Of the 398 randomized patients, 340, including 26 with disruptions (7.6%) met inclusion criteria and were analyzed. After multivariable adjustments, African-American race (aOR 3.9, 95% CI 1.1-13.8) and staple - as opposed to suture - wound closure (aOR 5.4, 95% CI 1.8-16.1) remained significant risk factors for disruption; non-significant increases were observed for body mass index ≥30 (aOR 2.1, 95% CI 0.6-7.5), but not for diabetes mellitus (aOR 0.9, 95% CI 0.3-2.9). RESULTS for composite wound morbidity were similar.

CONCLUSIONS

Skin closure with staples, African-American race, and considering the relatively small sample size, potentially obesity are associated with increased risk of non-infectious post-cesarean wound disruption.

摘要

目的

剖宫产术后伤口感染而非裂开的危险因素在文献中已有详尽描述。本研究的主要目的是确定剖宫产术后非感染性伤口裂开的危险因素。

方法

采用来自一项单中心随机对照试验的数据进行二次分析,该试验对比了妊娠≥24周行剖宫产的女性使用吻合钉与缝线进行皮肤缝合的效果。伤口裂开定义为皮下皮肤或筋膜裂开,不包括原发性伤口感染。将复合伤口并发症(裂开或感染)作为次要结局进行研究。使用多变量逻辑回归评估患者人口统计学特征、合并症和产时特征作为潜在危险因素。

结果

398例随机分组的患者中,340例符合纳入标准并进行分析,其中26例出现伤口裂开(7.6%)。
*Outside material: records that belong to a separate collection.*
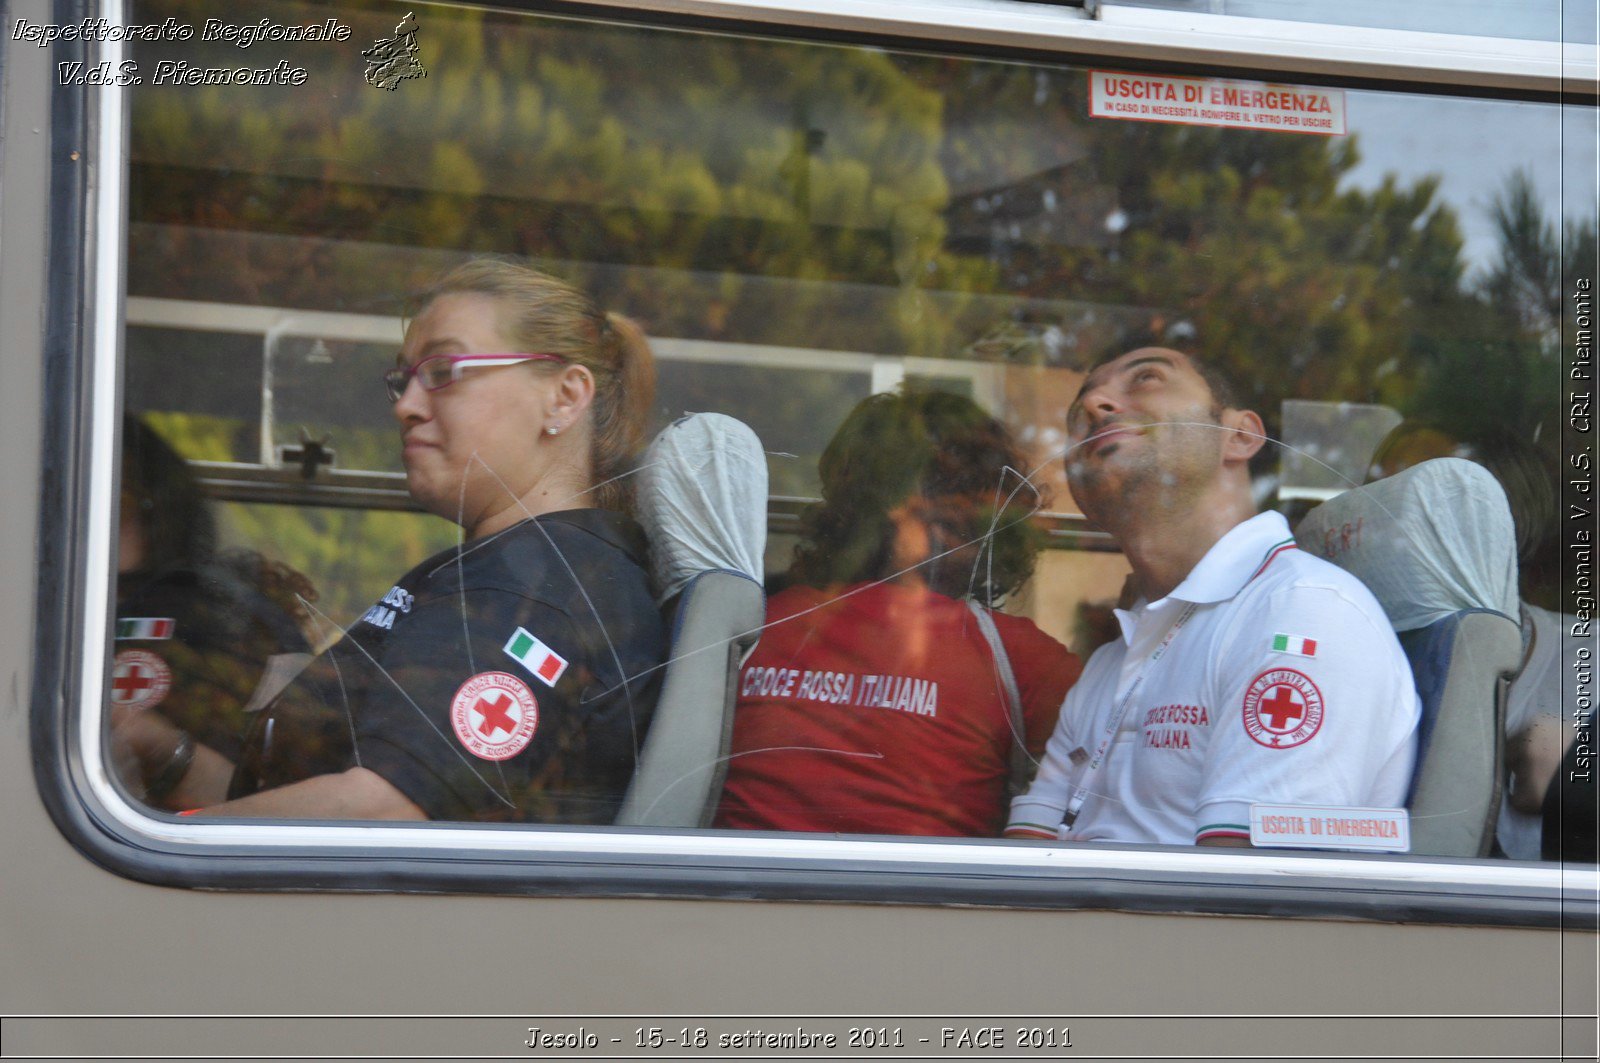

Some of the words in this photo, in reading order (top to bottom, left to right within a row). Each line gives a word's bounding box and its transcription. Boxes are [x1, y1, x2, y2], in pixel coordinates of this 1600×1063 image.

[1105, 78, 1177, 102] USCITA
[1184, 85, 1204, 103] DI
[1210, 87, 1332, 114] EMERGENZA
[1104, 102, 1113, 111] IN
[1115, 103, 1138, 114] CASO
[1141, 105, 1150, 115] DI
[1152, 105, 1199, 118] NECESSITÀ
[1200, 109, 1241, 122] ROMPERE
[1243, 112, 1252, 122] IL
[1254, 113, 1282, 125] VETRO
[1284, 116, 1300, 127] PER
[1301, 117, 1332, 129] USCIRE
[742, 667, 798, 697] CROCE
[797, 670, 854, 704] ROSSA
[855, 674, 938, 717] ITALIANA
[1167, 704, 1209, 726] ROSSA
[1261, 815, 1305, 834] USCITA
[1309, 817, 1322, 835] DI
[1326, 817, 1399, 838] EMERGENZA
经过多变量调整后,非裔美国人种族(调整后比值比[aOR] 3.9,95%置信区间[CI] 1.1 - 13.8)以及使用吻合钉而非缝线进行伤口缝合(aOR 5.4,95% CI 1.8 - 16.1)仍然是伤口裂开的显著危险因素;体重指数≥30有非显著升高(aOR 2.1,95% CI 0.6 - 7.5),但糖尿病并非危险因素(aOR 0.9,95% CI 0.3 - 2.9)。复合伤口并发症的结果相似。

结论

使用吻合钉进行皮肤缝合、非裔美国人种族,以及考虑到样本量相对较小,潜在的肥胖与剖宫产术后非感染性伤口裂开风险增加相关。